Anakinra is approved in Europe and the US for treatment of rheumatoid arthritis and since April 2018 for treatment of AOSD. It is an IL-1 receptor antagonist and was first used in the treatment of Schnitzler syndrome. The symptoms of the disease return after pausing the drug [2]. A multicenter retrospective analysis in France examined 42 patients with Schnitzler syndrome, 29 of whom received the IL-1 receptor antagonist anakinra. In two cases, Waldenström disease developed during the course of disease, in one case AA amyloidosis. All 29 patients with anakinra responded to treatment over a median observation period of 36 months, without loss of efficacy. Three patients developed grade 3 to grade 4 side effects, 24 patients achieved complete remission (83%), 5 patients achieved partial remission (17%). Six patients developed severe infections [33].

Rilonacept is a dimeric fusion protein that blocks IL-1α, IL-1β, and IL-1 receptors. In a prospective study, rilonacept resulted in a rapid response and a sustained and significant improvement in health with good tolerability in 8 patients [34].

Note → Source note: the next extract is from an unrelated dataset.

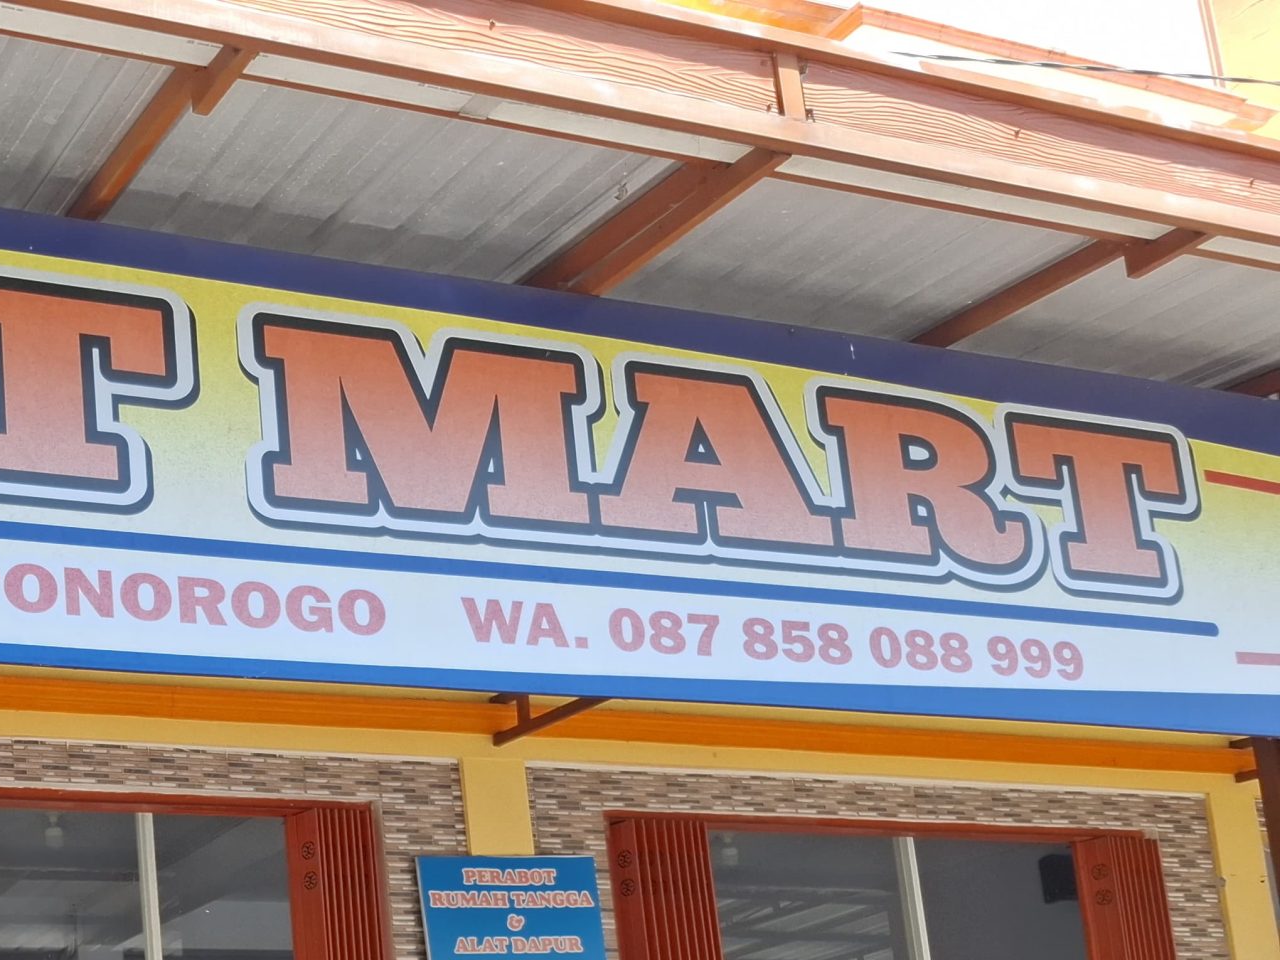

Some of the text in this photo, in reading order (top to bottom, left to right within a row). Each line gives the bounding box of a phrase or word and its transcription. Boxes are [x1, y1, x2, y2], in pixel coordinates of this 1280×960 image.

Canakinumab is approved in Europe and the US for treatment of CAPS, systemic juvenile idiopathic arthritis, AOSD, and therapy-resistant gout. An open, single-arm study evaluated 8 patients receiving 150 mg canakinumab once a month for 6 months. This led to complete remission in all patients after 14 days [35]. In the follow-up period of 3 months, 4 patients developed a relapse, the other 4 patients achieved a remission of several months after the end of the study. Another randomized, placebo-controlled, multicenter phase II study investigated 20 patients with active disease in four German study centers [17]. In the canakinumab arm, significantly more patients (p = 0.001) achieved complete remission (n = 5 of 7) than in the placebo arm (n = 0 of 13).

General side effects of anti-IL-1 therapy are reactions at the injection site and a slightly increased risk of serious infections. It is recommended that tuberculosis be excluded and vaccinations against influenza and pneumococcus be refreshed before starting treatment. No live vaccination should be administered during ongoing therapy. Every 3 months, blood count and CRP should be checked, serum electrophoresis or immune fixation performed, and immunoglobulins quantitatively determined [2].

For patients who do not respond to IL-1 blockade, treatment with the IL-6 antagonist tocilizumab may be indicated. Krause et al. reported remissions in 3 patients [29].

Practical conclusion

  • Schnitzler syndrome is a very rare autoinflammatory disease that can be diagnosed on the basis of the Strasbourg criteria.

  • The main criteria are chronic recurrent exanthema with associated monoclonal gammopathy.

  • Various differential diagnoses such as chronic spontaneous urticaria, cryopyrin-associated periodic syndrome, or urticaria vasculitis should be excluded.

  • The IL-1 receptor antagonist anakinra is a very effective therapy for Schnitzler syndrome that can significantly improve patients’ quality of life.

  • The prognosis of Schnitzler syndrome depends on the development of lymphoproliferative disease, which can occur in 15–20% of cases.